The development of large language models (LLM) has been a focal point in advancing NLP capabilities. However, training these models poses substantial challenges due to the immense computational resources and costs involved. Researchers continually explore more efficient methods to manage these demands while maintaining high performance.
A critical issue in LLM development is the extensive resources required to train dense models. Dense models turn on all parameters for each input token, resulting in significant inefficiencies. This approach makes it difficult to scale up without incurring prohibitive costs. Consequently, there is a pressing need for more resource-efficient training methods that can still deliver competitive performance. The main goal is to balance computational feasibility and the ability to handle complex NLP tasks effectively.
Traditionally, LLM training has been based on dense and resource-intensive models despite their high performance. These models require the activation of all parameters for each token, which generates a substantial computational load. Sparse models, such as Mixture of Experts (MoE), have emerged as a promising alternative. MoE models distribute computational tasks among several specialized submodels or “experts.” This approach can match or exceed the performance of dense models using a fraction of the resources. The efficiency of MoE models lies in their ability to selectively activate only a subset of experts for each token, thus optimizing resource usage.
The research team Skywork Team, Kunlun Inc. is introduced. Skywork-MoE, a high-performance MoE large language model with 146 billion parameters and 16 experts. This model is based on the fundamental architecture of its previously developed Skywork-13B model, using its dense control points as the initial configuration. He Skywork-MoE It incorporates two novel training techniques: activation logit normalization and adaptive auxiliary loss coefficients. These innovations are designed to improve model efficiency and performance. By leveraging dense checkpoints, the model benefits from pre-existing data, which helps in the initial setup and subsequent training phases.
Skywork-MoE was trained using dense checkpoints from the Skywork-13B model, initialized from pre-trained dense models for 3.2 billion tokens, and further trained with an additional 2 billion tokens. The input logit normalization technique ensures a distinct distribution of output at the gate, which improves export diversification. This method involves normalizing the outputs of the activation layer before applying the softmax function, which helps achieve a sharper and more focused distribution. Adaptive auxiliary loss coefficients allow for specific tuning of each layer, maintaining a balanced load between experts and preventing a single expert from being overloaded. These adjustments are based on monitoring the token drop rate and adapting the coefficients accordingly.

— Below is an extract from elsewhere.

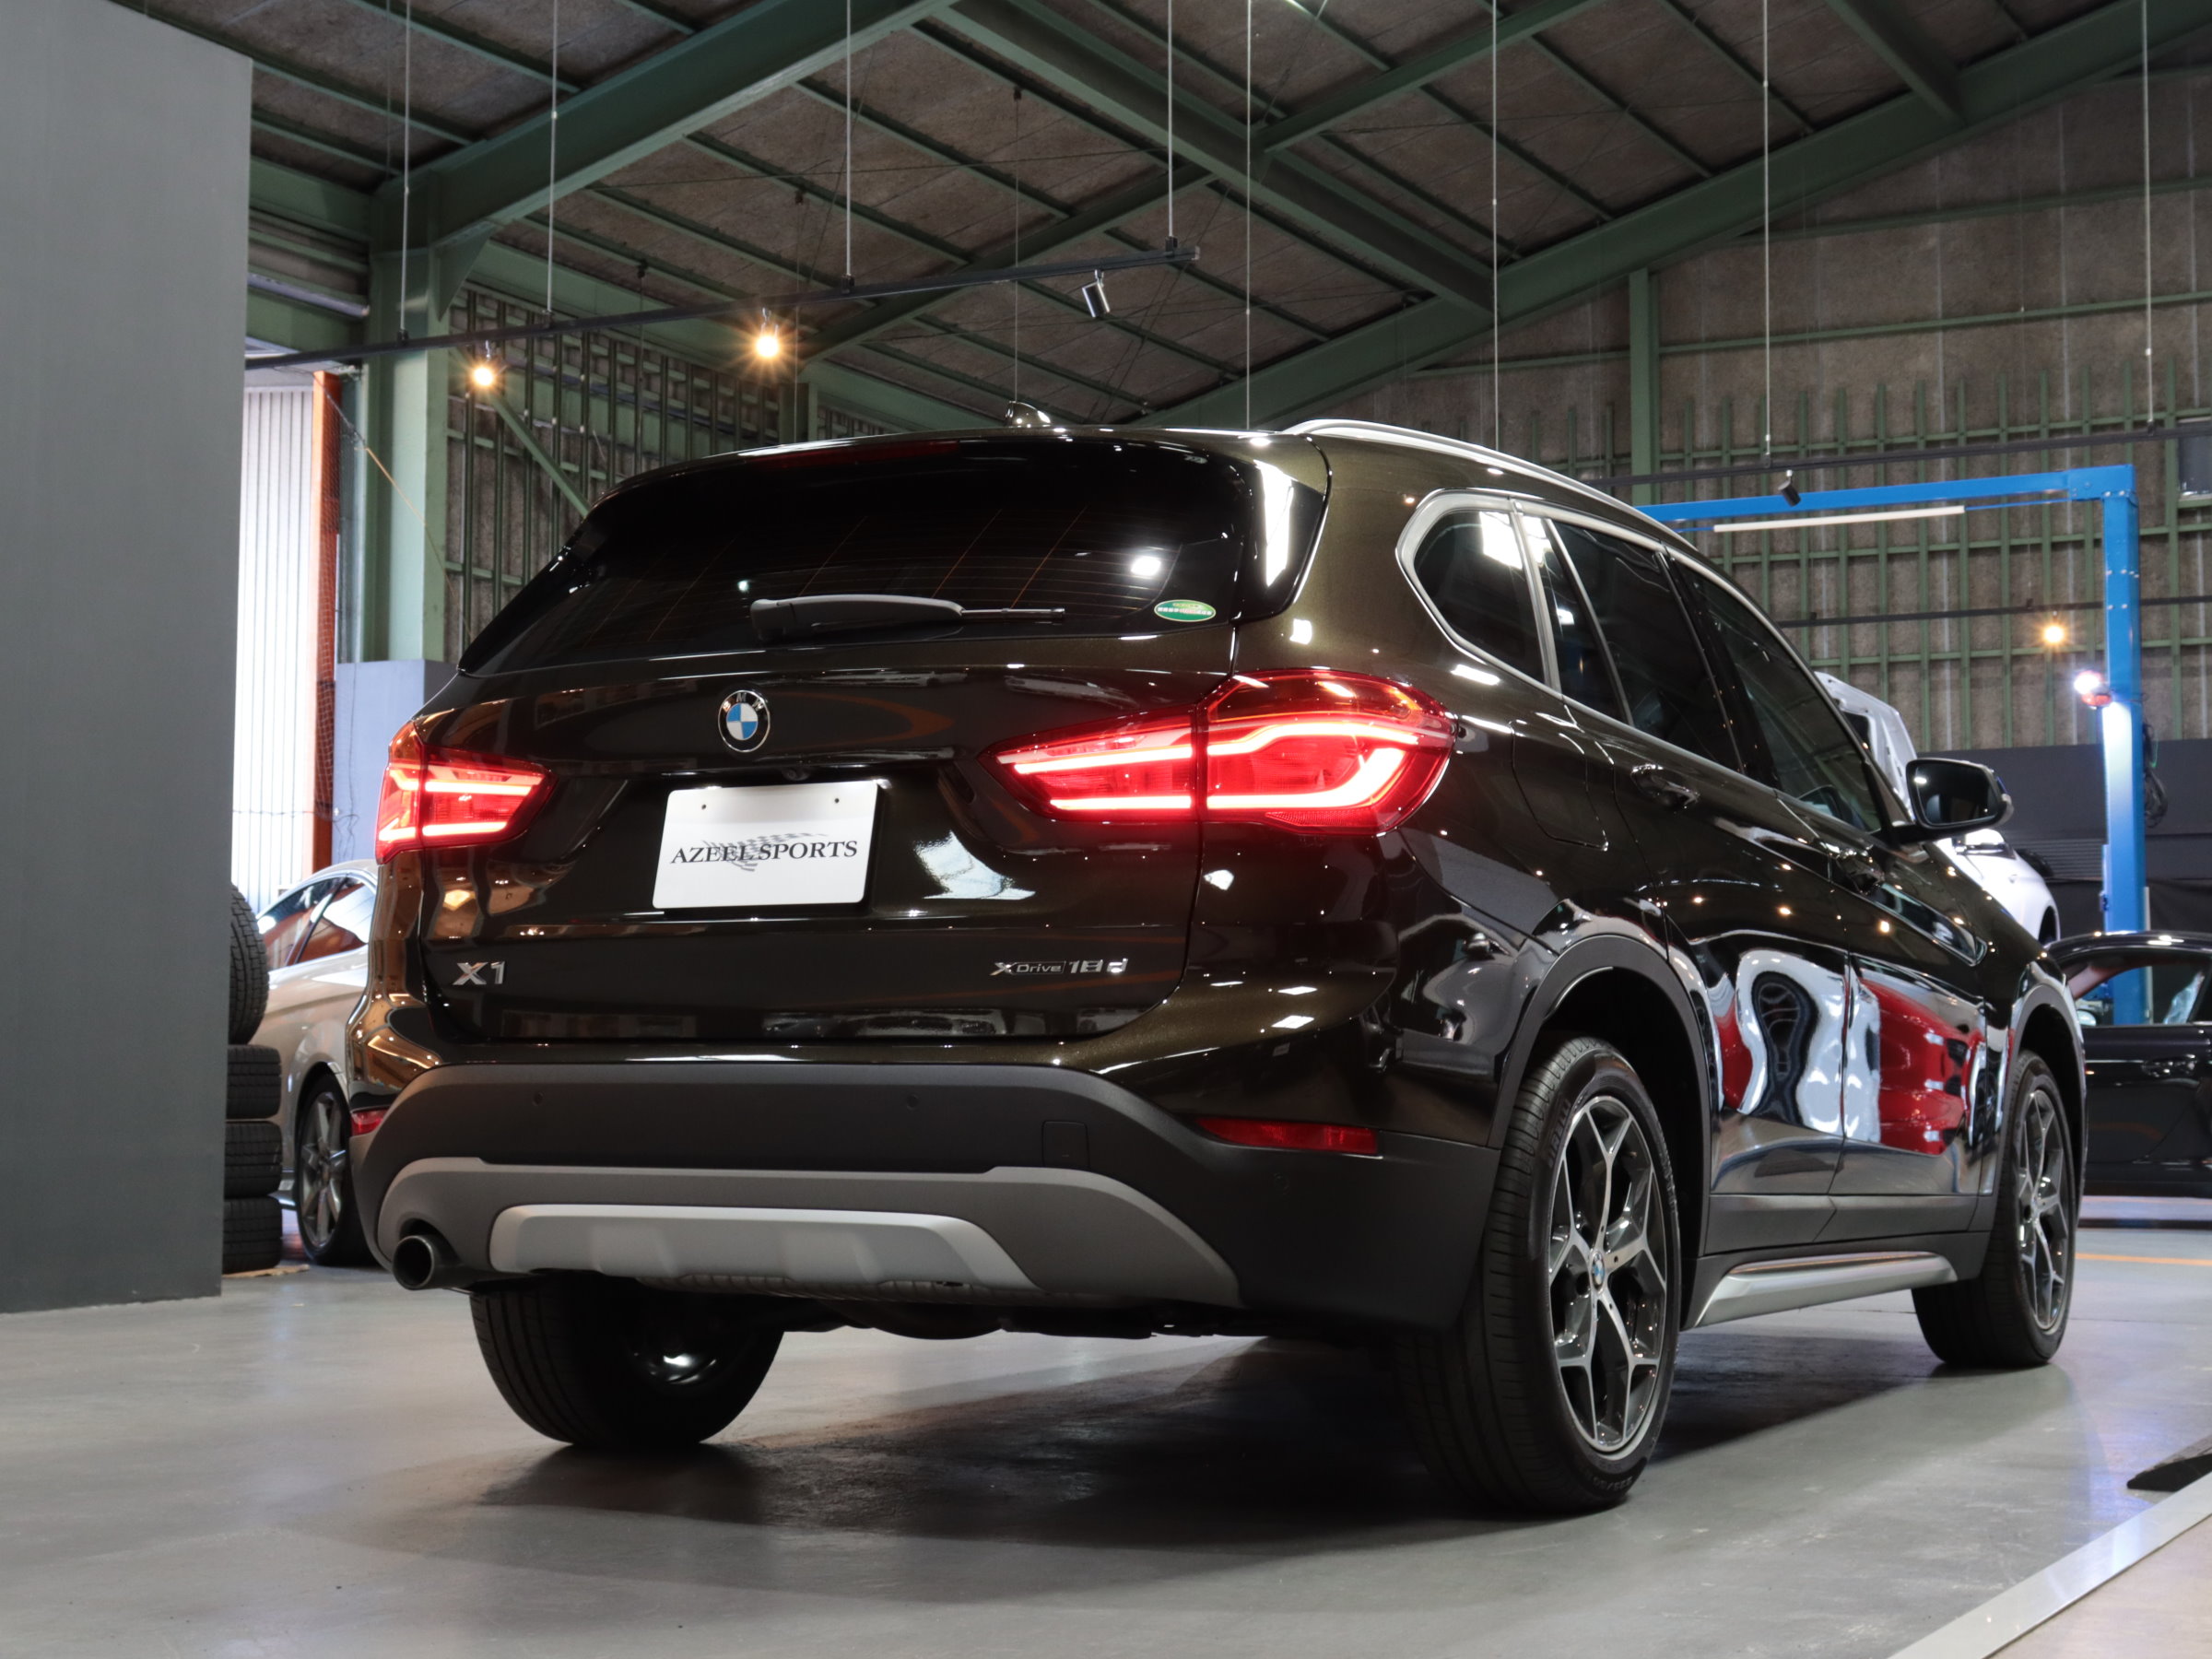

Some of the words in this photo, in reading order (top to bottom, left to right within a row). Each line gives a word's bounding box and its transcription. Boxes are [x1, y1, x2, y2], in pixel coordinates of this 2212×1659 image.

[670, 845, 755, 865] AZEEL
[759, 841, 858, 861] SPORTS
[453, 961, 505, 985] X1

The performance of Skywork-MoE was evaluated across a variety of benchmarks. The model scored 82.2 on the CEVAL benchmark and 79.5 on the CMMLU benchmark, outperforming the Deepseek-67B model. The MMLU benchmark scored 77.4, which is competitive compared to higher capacity models like the Qwen1.5-72B. For mathematical reasoning tasks, Skywork-MoE scored 76.1 on GSM8K and 31.9 on MATH, comfortably outperforming models like Llama2-70B and Mixtral 8*7B. Skywork-MoE demonstrated strong performance on code synthesis tasks with a score of 43.9 on the HumanEval benchmark, outperforming all dense models in the comparison and slightly lagging behind the Deepseek-V2 model. These results highlight the model's ability to effectively handle complex logical and quantitative reasoning tasks.

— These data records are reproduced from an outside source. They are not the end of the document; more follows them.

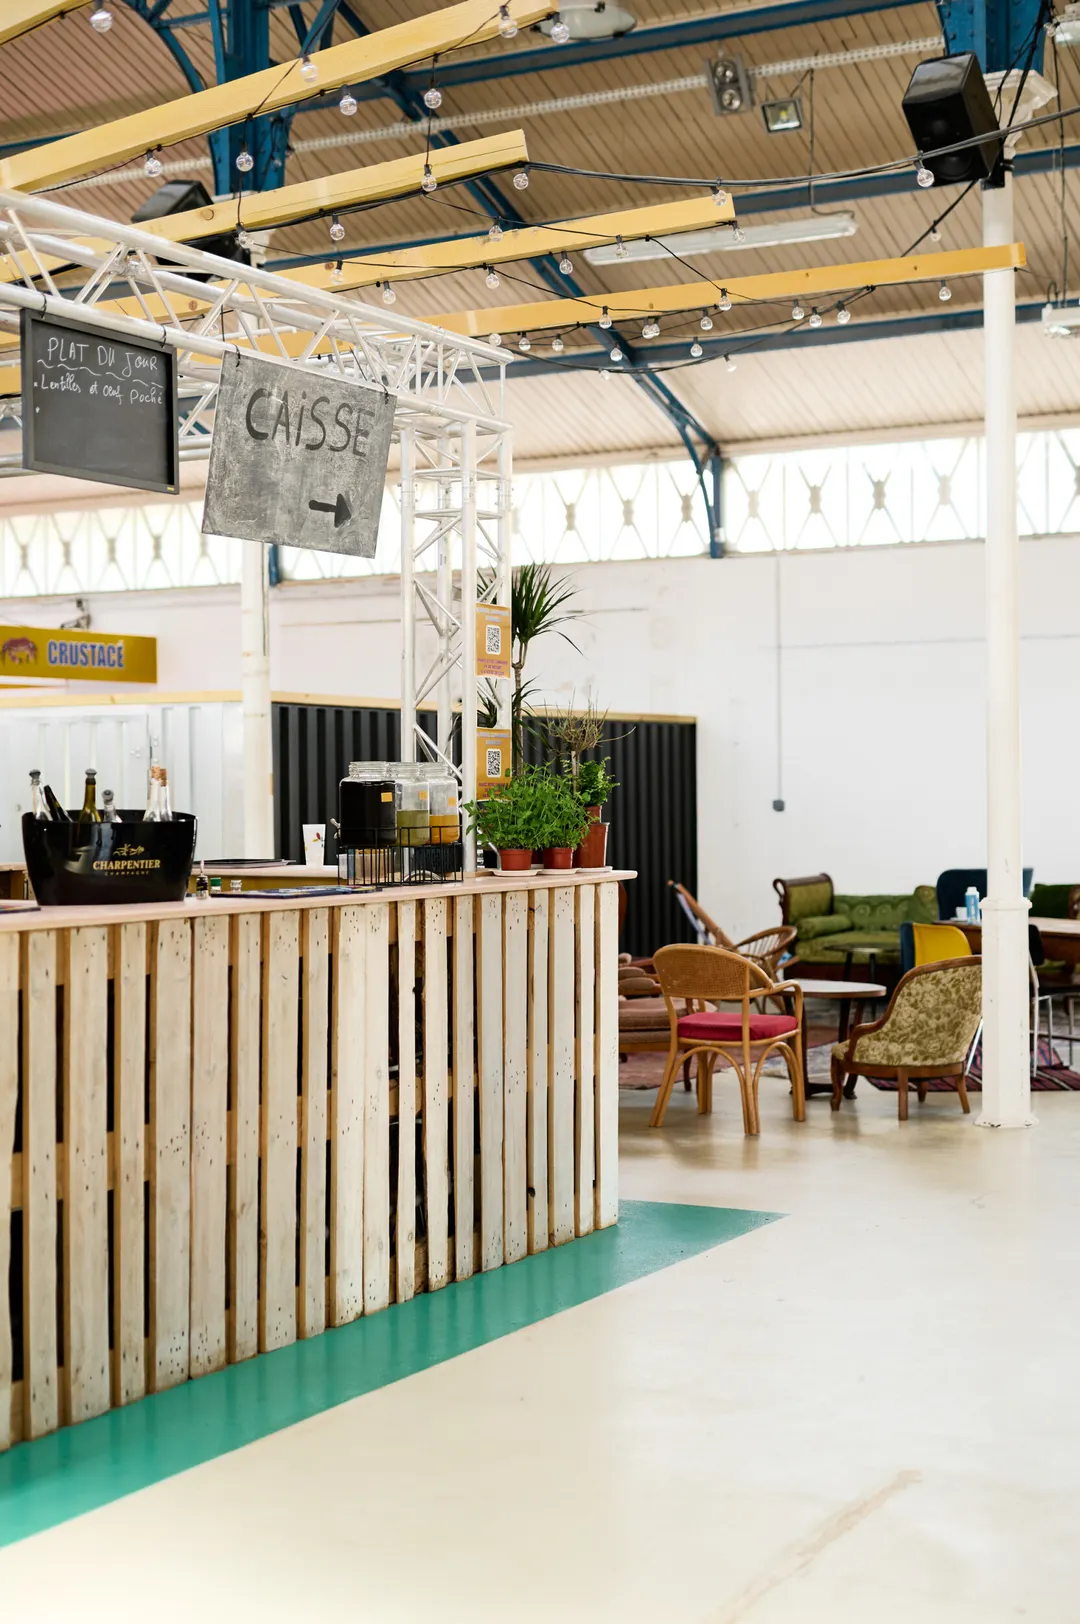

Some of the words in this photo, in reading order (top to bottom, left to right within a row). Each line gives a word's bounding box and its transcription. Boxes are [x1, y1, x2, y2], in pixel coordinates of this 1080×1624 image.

[47, 337, 90, 362] PLAT
[97, 345, 116, 367] DU
[41, 372, 82, 394] Lentilles
[89, 381, 98, 395] et
[92, 859, 161, 871] CHARPENTIER
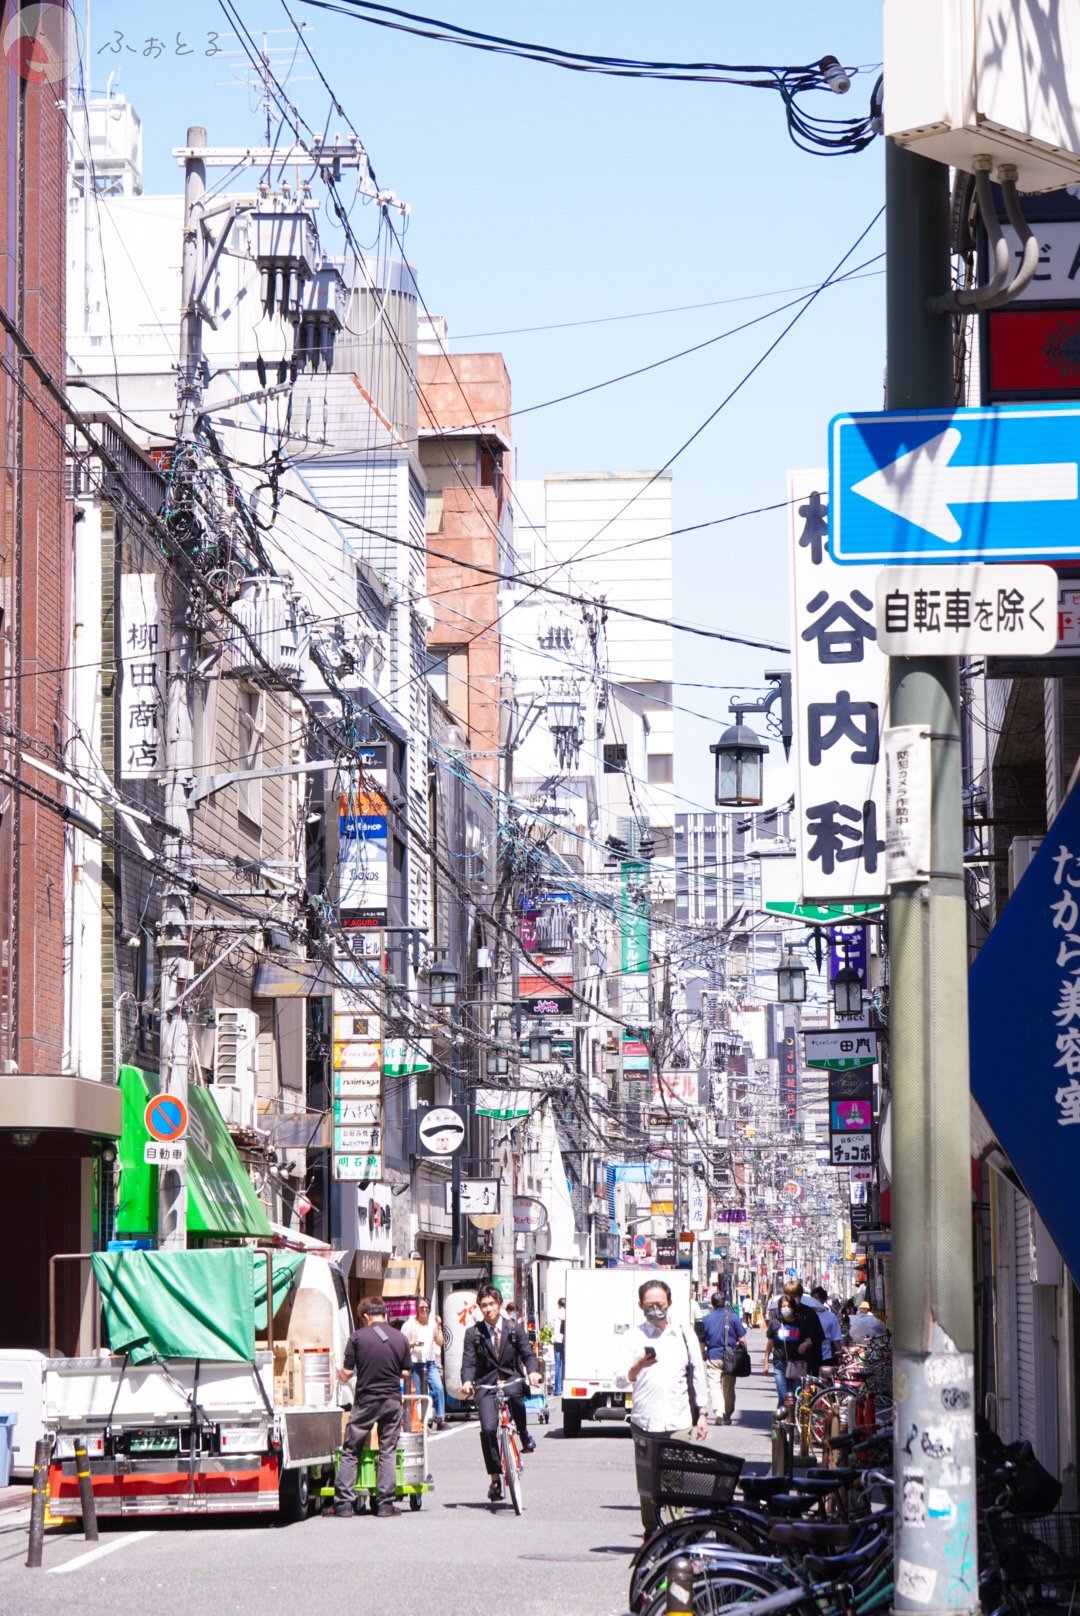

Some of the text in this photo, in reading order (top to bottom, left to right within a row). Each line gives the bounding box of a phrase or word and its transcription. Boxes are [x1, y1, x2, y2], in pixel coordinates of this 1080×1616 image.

[885, 588, 1045, 633] 自転車を除く
[127, 623, 159, 768] 柳田商店
[343, 919, 379, 927] MAGURO
[146, 1147, 182, 1160] 自動車

In conclusion, the Skywork team research team successfully addressed the resource-intensive issue of LLM training by developing tech-report.pdf”>Skywork-MoE, which leverages innovative techniques to improve performance while reducing computational demands. Skywork-MoE, with its 146 billion parameters and advanced training methodologies, represents a significant advancement in the field of NLP. The strong performance of the model on several benchmarks underlines the effectiveness of activation logit normalization techniques and adaptive auxiliary loss coefficients. This research competes well with existing models and sets a new benchmark for the efficiency and effectiveness of MoE models in large-scale language processing tasks.
Asif Razzaq is the CEO of Marktechpost Media Inc.. As a visionary entrepreneur and engineer, Asif is committed to harnessing the potential of artificial intelligence for social good. His most recent endeavor is the launch of an ai media platform, Marktechpost, which stands out for its in-depth coverage of machine learning and deep learning news that is technically sound and easily understandable to a wide audience. The platform has more than 2 million monthly visits, which illustrates its popularity among the public.